Thanks to the MDA, she’s getting good medical care, and she seems to have the braces, wheelchair, and equipment she needs. A local fire department volunteered to build a ramp for her home. All that is positive. But then the video takes a sad turn. Her family mourns all the things they say she can’t do, and says “She won’t ever be able to have a little bit of a normal life.” Many of her friends have abandoned her. We see the laborious process of getting her into the family car. These things are supposed to make us feel sorry for her. But they just make me angry at MDA. Why did it take so many years for them to help her get a ramp to be able to enjoy her backyard like any other child? Why aren’t they helping this family to buy a wheelchair accessible vehicle so they can travel quickly and easily with her power chair? SMA type 3 typically does not affect lifespan, so why aren’t they telling this girl and her family that she CAN live a full life, that she can have friends, go to college, get a job, and someday even find love?

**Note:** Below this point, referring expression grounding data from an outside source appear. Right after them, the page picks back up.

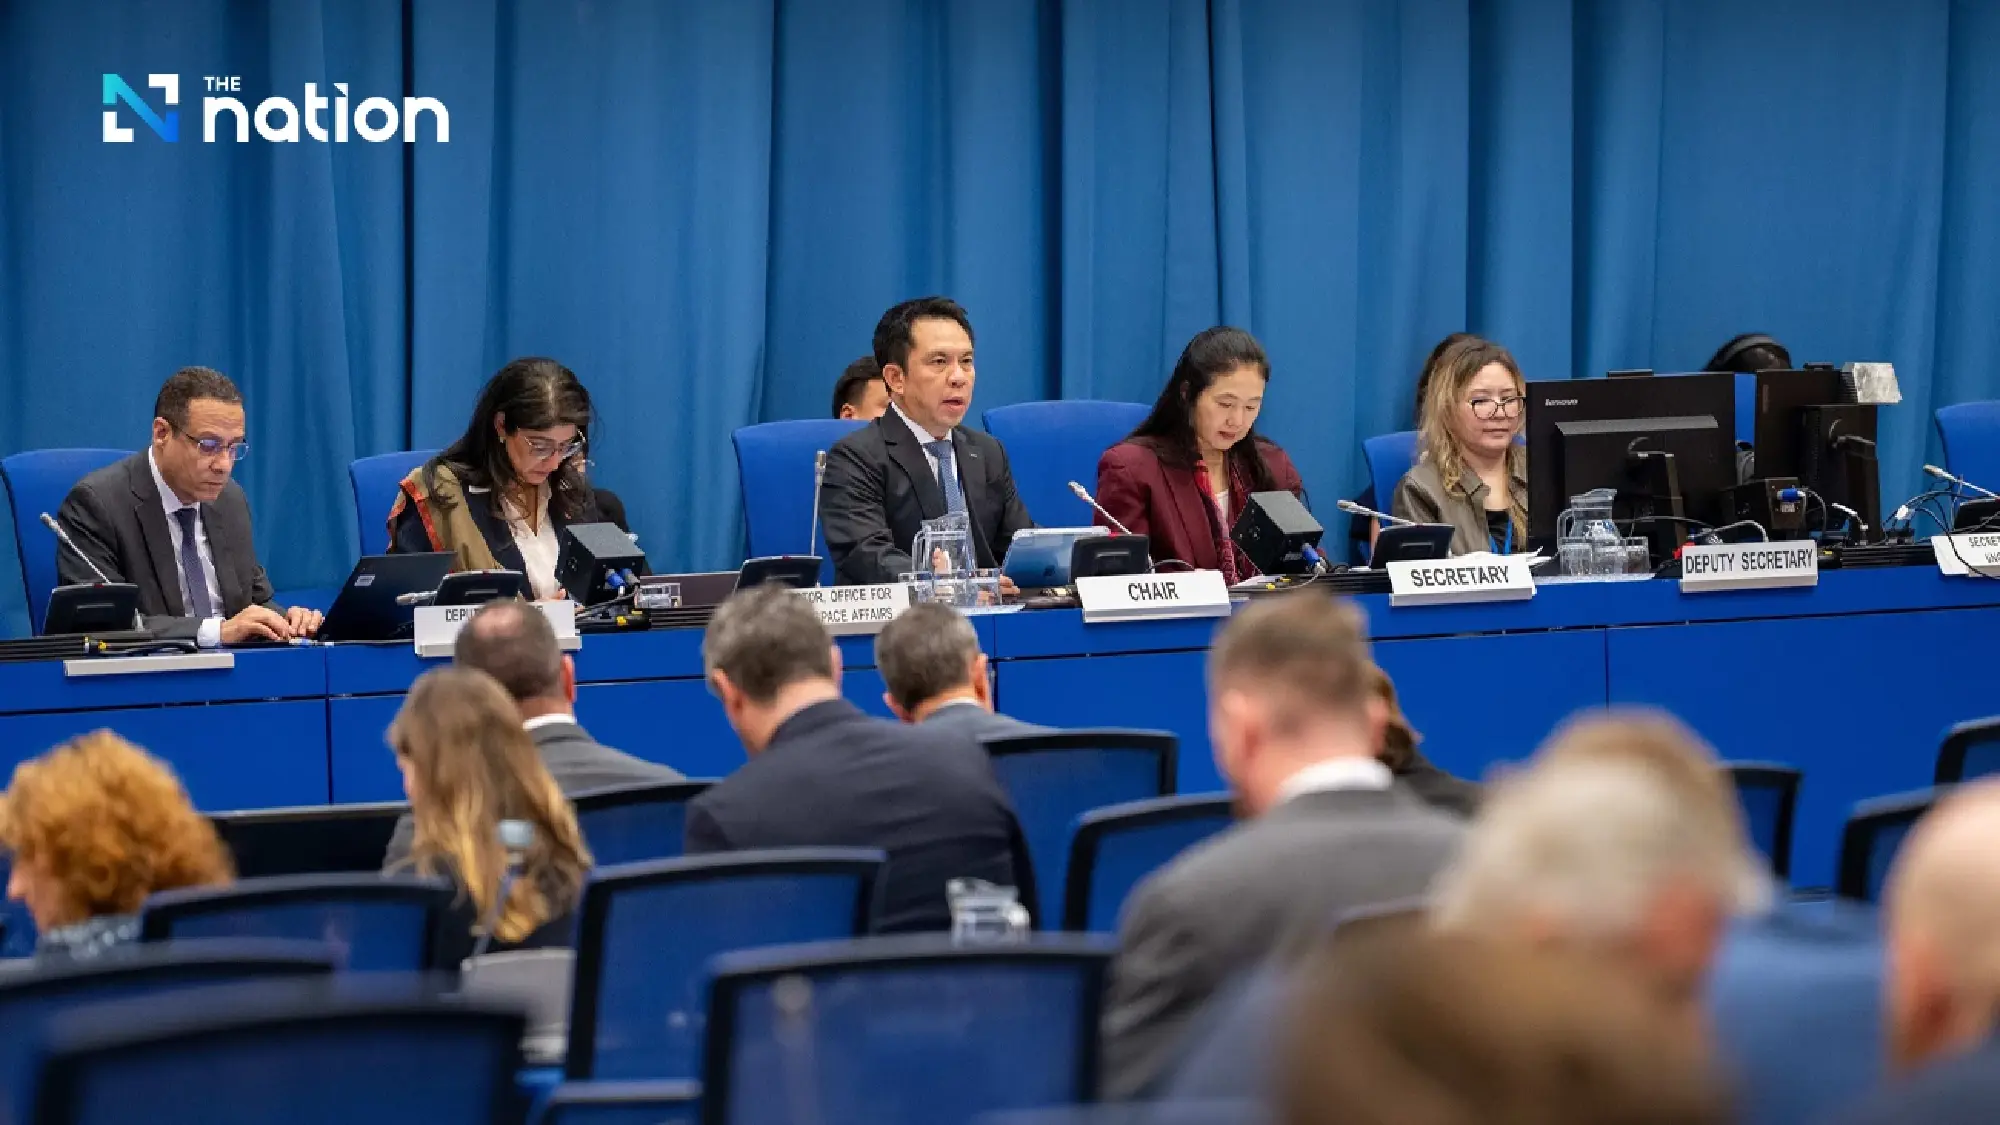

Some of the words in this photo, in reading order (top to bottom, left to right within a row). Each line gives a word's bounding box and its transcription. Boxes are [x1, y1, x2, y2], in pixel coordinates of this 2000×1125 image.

[1685, 553, 1735, 574] DEPUTY
[1741, 548, 1813, 571] SECRETARY
[1410, 565, 1509, 588] SECRETARY
[830, 588, 867, 602] OFFICE
[870, 587, 892, 600] FOR
[1128, 581, 1180, 602] CHAIR
[851, 607, 893, 621] AFFAIRS

Oh, and the problem with her friends isn’t that she has a disability. It’s that she has lousy friends. Growing up, I was sometimes sad and lonely because I didn’t have as many friends as other kids. But now in some ways I’m thankful, because all the friends I had were real ones. They stuck by me, and didn’t judge me. She needs and one day will find those friends, too. With an accessible van and more opportunities to get out and enjoy typical teen activities like shopping at the mall and going to concerts, perhaps her friends would come around, or better yet she’d make new ones.

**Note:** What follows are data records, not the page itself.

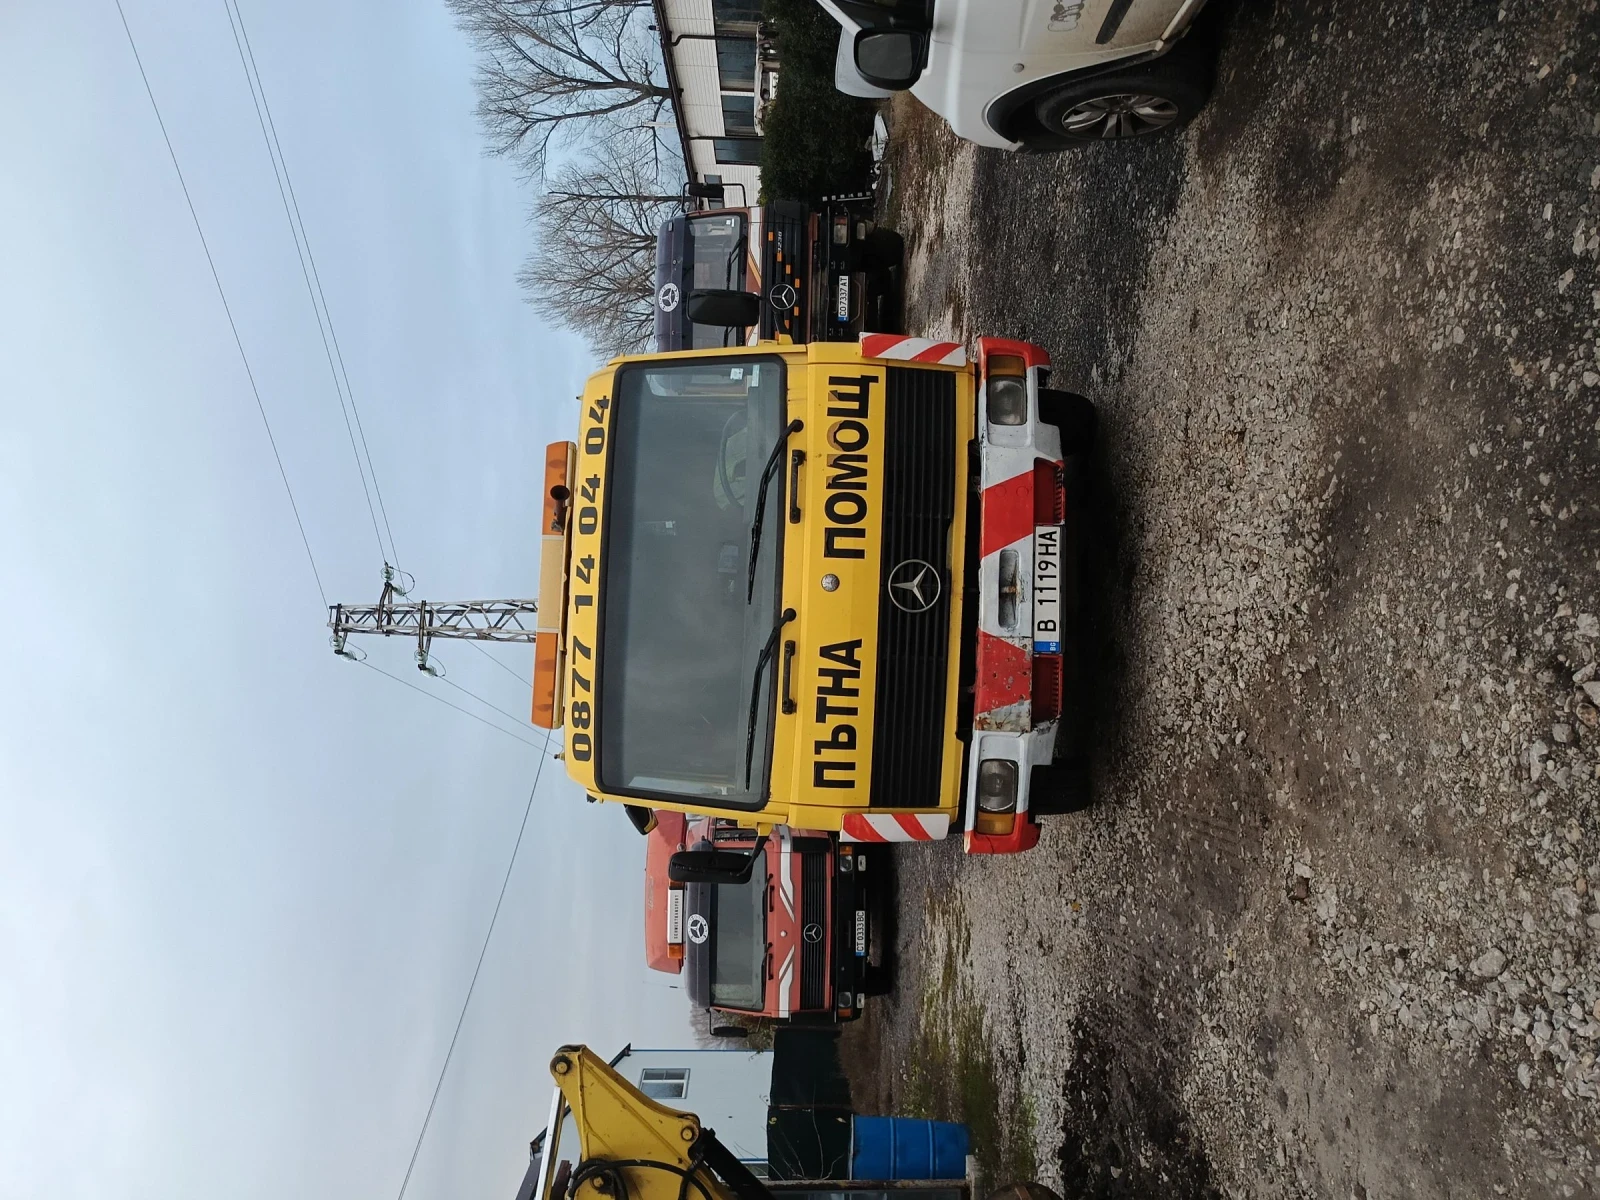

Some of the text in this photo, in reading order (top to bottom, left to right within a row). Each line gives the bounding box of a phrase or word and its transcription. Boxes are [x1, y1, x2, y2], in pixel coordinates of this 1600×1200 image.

[840, 277, 847, 286] AT
[840, 307, 846, 316] CO
[571, 396, 610, 761] 0877 14 04 04
[814, 375, 878, 788] ПЪТНА ПОМОЩ
[1037, 620, 1056, 631] B
[857, 912, 864, 922] BC
[857, 942, 863, 951] CT

As for Jerry Lewis, I believe that at the core his intentions were always good. He took on the MDA cause for the right reasons, and did a lot of good for many years. However, at some point his ego began to get in the way of his ability to change and grow. He became so convinced of the rightness of his approach that he couldn’t even hear the people he was supposed to be helping telling him that there was a problem. His attempts to see the world through their eyes were clouded by his own prejudices and assumptions. Instead of listening and learning, he lashed out in anger. After years of faithful service, he was unceremoniously dumped and pushed aside. In some ways, I feel sorry for him; in the end, his story is the pitiable one. But, he could have changed, or withdrawn from the spotlight with grace. He made his choices, and must live with them as the world moves on. I hope that the positive aspects of his legacy are honored, while also recognizing that many of the ideas he espoused are no longer appropriate in modern times.

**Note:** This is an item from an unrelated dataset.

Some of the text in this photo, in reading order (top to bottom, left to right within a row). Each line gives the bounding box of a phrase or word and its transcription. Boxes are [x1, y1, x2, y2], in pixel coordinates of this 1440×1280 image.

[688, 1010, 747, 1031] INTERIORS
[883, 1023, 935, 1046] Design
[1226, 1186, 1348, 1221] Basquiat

None of us get to live forever. What’s important is to do the most we can with whatever time we have. Disability-related charities do not need to invoke images of pity or helplessness to raise funds. It’s OK to show day-to-day struggles, but the emphasis should be on how the organization makes things easier and helps people with the condition get the most out of life. Even – especially – those people whose time is very limited deserve to be empowered and free. Now that’s something to celebrate on Labor Day weekend.